HOW TO COMPLETE THIS TASK> An exact repetition of the data is required; no picture should appear in it.

RECORDS FOR THE TASK>

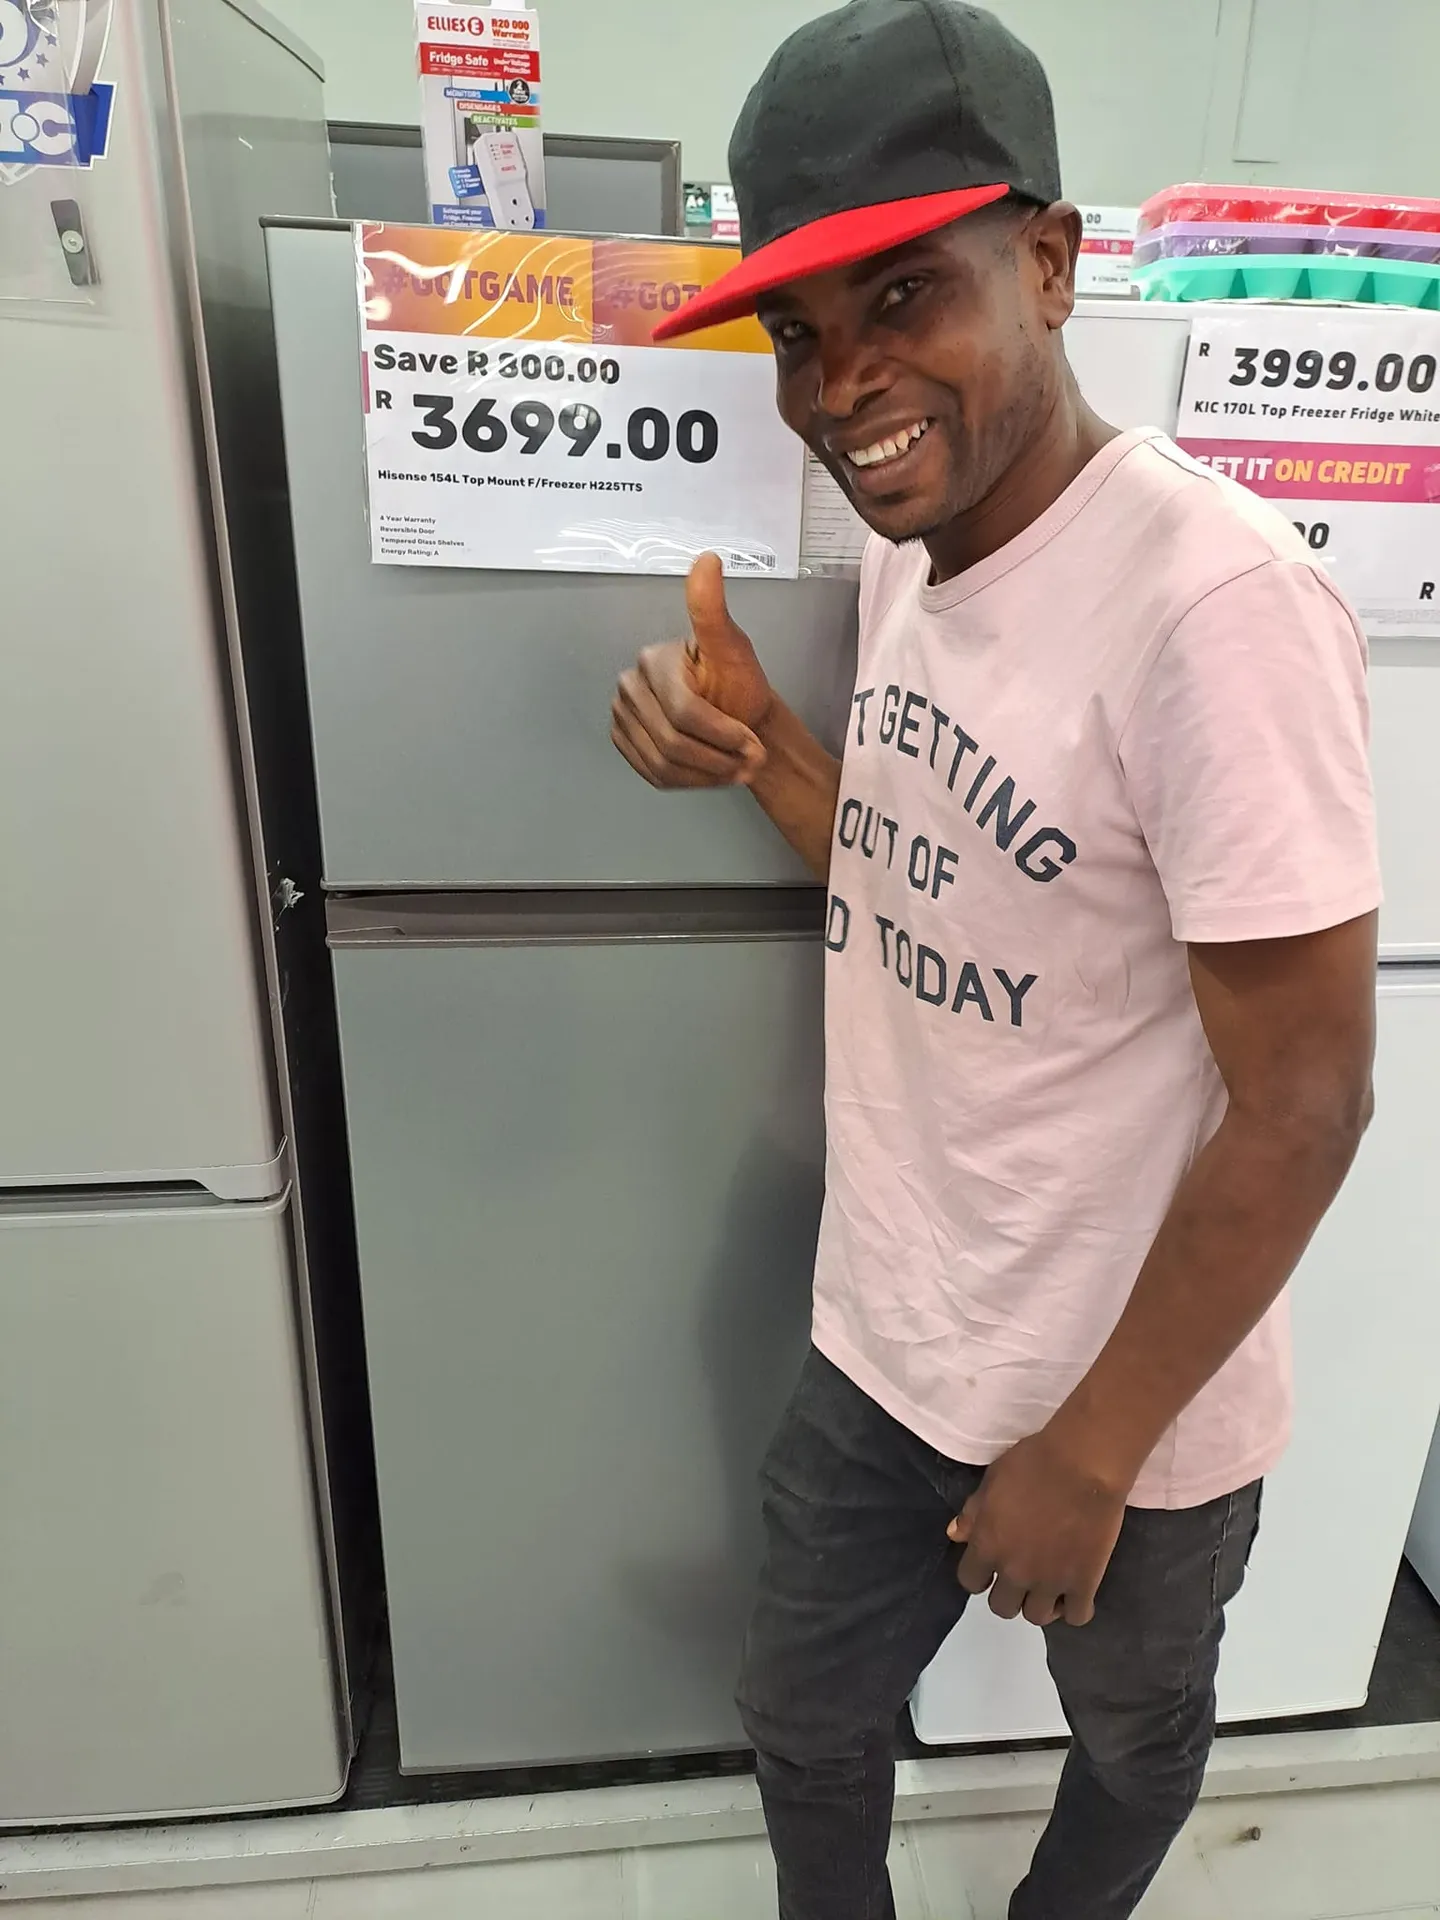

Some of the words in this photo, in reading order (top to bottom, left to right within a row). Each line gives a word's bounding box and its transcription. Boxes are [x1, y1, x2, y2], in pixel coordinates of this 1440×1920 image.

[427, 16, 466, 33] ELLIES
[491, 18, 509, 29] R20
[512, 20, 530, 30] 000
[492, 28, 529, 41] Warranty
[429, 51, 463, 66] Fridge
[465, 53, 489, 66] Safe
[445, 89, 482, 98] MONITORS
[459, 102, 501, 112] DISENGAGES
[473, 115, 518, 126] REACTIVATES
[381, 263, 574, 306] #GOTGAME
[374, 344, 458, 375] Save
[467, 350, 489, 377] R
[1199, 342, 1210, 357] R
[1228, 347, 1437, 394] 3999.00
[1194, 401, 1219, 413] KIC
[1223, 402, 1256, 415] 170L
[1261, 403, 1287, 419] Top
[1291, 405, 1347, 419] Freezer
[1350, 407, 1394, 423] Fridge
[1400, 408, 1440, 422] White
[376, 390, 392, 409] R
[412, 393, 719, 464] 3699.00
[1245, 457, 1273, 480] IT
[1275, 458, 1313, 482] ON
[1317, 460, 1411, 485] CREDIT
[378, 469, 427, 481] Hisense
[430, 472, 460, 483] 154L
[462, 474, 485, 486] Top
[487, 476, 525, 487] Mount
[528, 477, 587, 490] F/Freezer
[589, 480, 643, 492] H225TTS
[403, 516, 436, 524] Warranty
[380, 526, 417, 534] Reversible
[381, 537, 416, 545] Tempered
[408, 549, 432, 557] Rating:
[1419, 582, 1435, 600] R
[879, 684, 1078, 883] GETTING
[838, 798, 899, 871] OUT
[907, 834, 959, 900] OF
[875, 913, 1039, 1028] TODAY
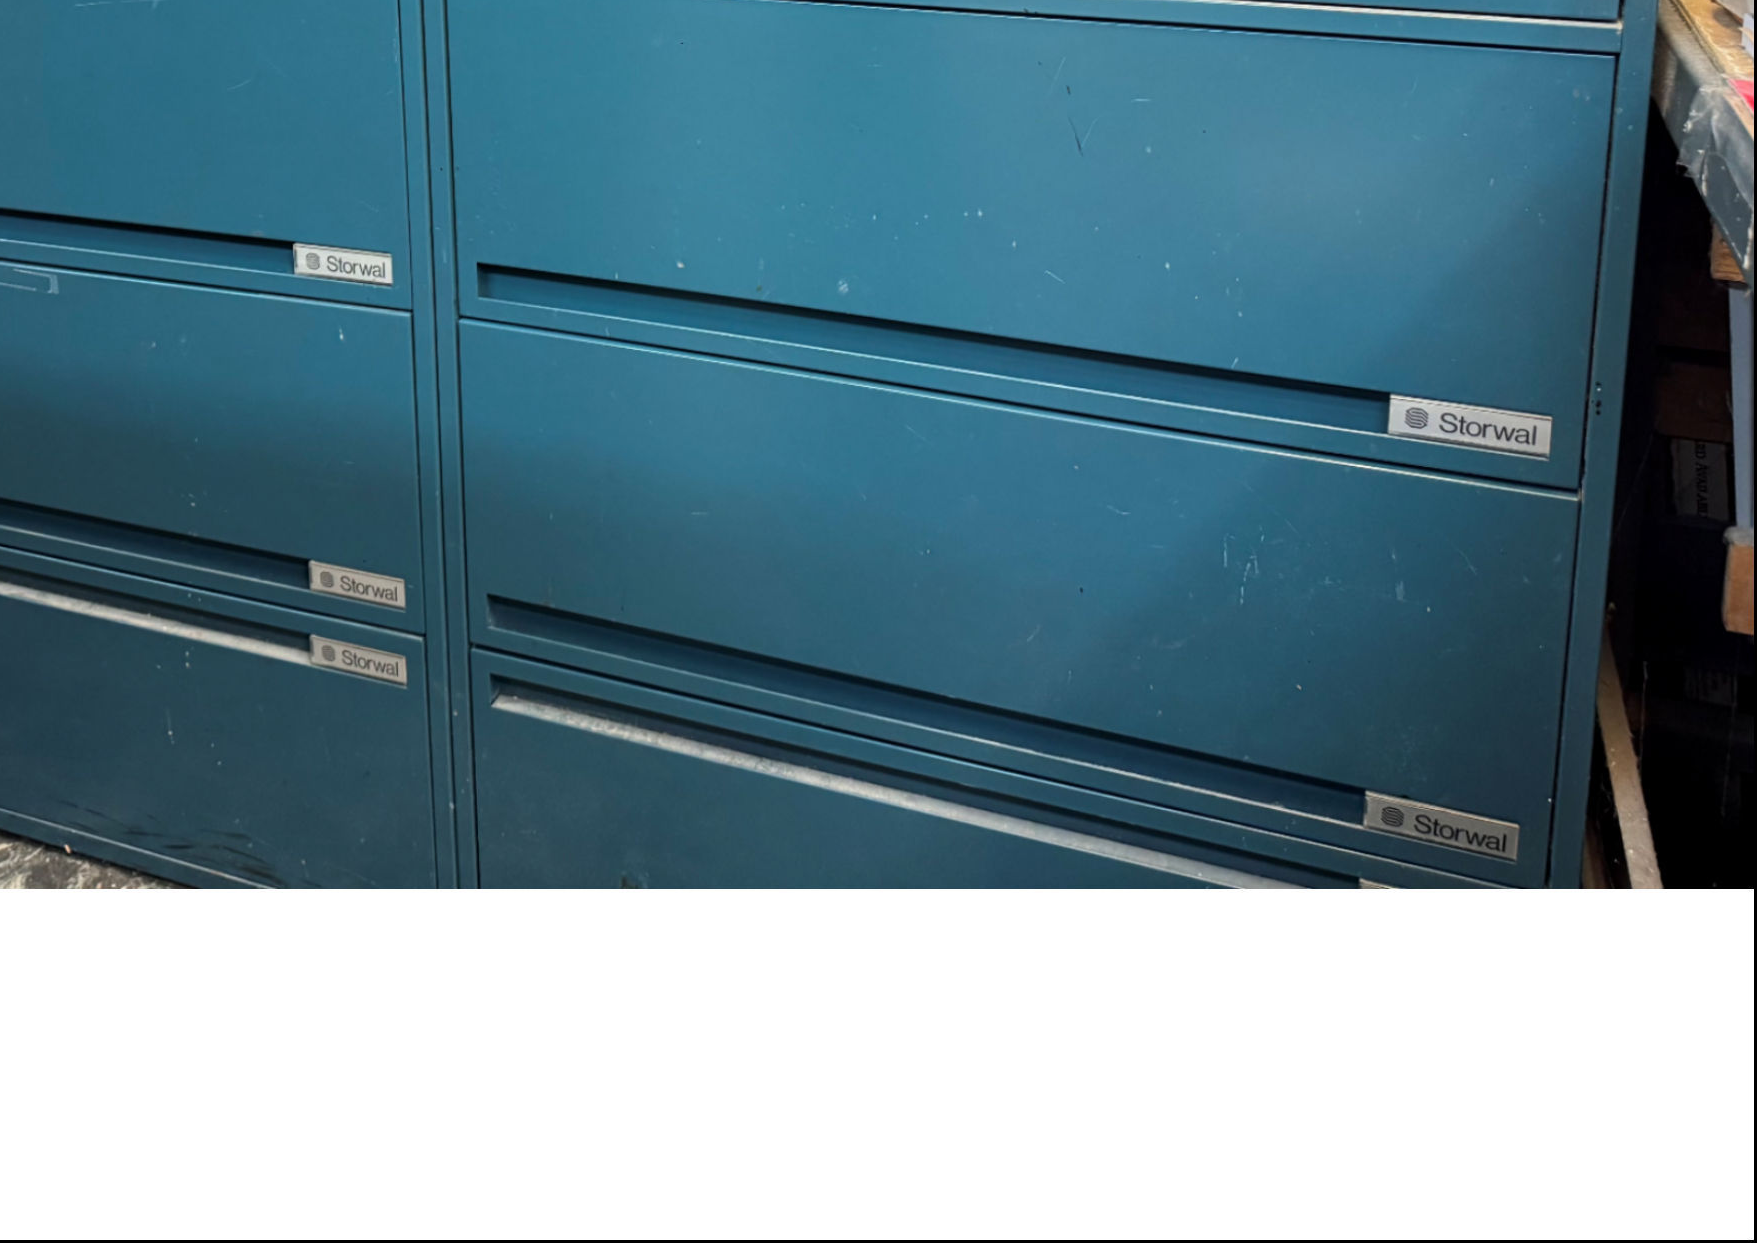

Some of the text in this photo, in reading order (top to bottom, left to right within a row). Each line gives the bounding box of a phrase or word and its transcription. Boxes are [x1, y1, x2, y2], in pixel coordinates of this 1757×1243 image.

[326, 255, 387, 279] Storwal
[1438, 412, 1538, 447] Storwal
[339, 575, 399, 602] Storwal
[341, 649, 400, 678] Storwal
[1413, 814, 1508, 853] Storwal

REPLY>
Some of the words in this photo, in reading order (top to bottom, left to right within a row). Each line gives a word's bounding box and its transcription. Boxes are [x1, y1, x2, y2], in pixel coordinates of this 1440×1920 image.

[427, 16, 466, 33] ELLIES
[491, 18, 509, 29] R20
[512, 20, 530, 30] 000
[492, 28, 529, 41] Warranty
[429, 51, 463, 66] Fridge
[465, 53, 489, 66] Safe
[445, 89, 482, 98] MONITORS
[459, 102, 501, 112] DISENGAGES
[473, 115, 518, 126] REACTIVATES
[381, 263, 574, 306] #GOTGAME
[374, 344, 458, 375] Save
[467, 350, 489, 377] R
[1199, 342, 1210, 357] R
[1228, 347, 1437, 394] 3999.00
[1194, 401, 1219, 413] KIC
[1223, 402, 1256, 415] 170L
[1261, 403, 1287, 419] Top
[1291, 405, 1347, 419] Freezer
[1350, 407, 1394, 423] Fridge
[1400, 408, 1440, 422] White
[376, 390, 392, 409] R
[412, 393, 719, 464] 3699.00
[1245, 457, 1273, 480] IT
[1275, 458, 1313, 482] ON
[1317, 460, 1411, 485] CREDIT
[378, 469, 427, 481] Hisense
[430, 472, 460, 483] 154L
[462, 474, 485, 486] Top
[487, 476, 525, 487] Mount
[528, 477, 587, 490] F/Freezer
[589, 480, 643, 492] H225TTS
[403, 516, 436, 524] Warranty
[380, 526, 417, 534] Reversible
[381, 537, 416, 545] Tempered
[408, 549, 432, 557] Rating:
[1419, 582, 1435, 600] R
[879, 684, 1078, 883] GETTING
[838, 798, 899, 871] OUT
[907, 834, 959, 900] OF
[875, 913, 1039, 1028] TODAY

Some of the text in this photo, in reading order (top to bottom, left to right within a row). Each line gives the bounding box of a phrase or word and its transcription. Boxes are [x1, y1, x2, y2], in pixel coordinates of this 1757×1243 image.

[326, 255, 387, 279] Storwal
[1438, 412, 1538, 447] Storwal
[339, 575, 399, 602] Storwal
[341, 649, 400, 678] Storwal
[1413, 814, 1508, 853] Storwal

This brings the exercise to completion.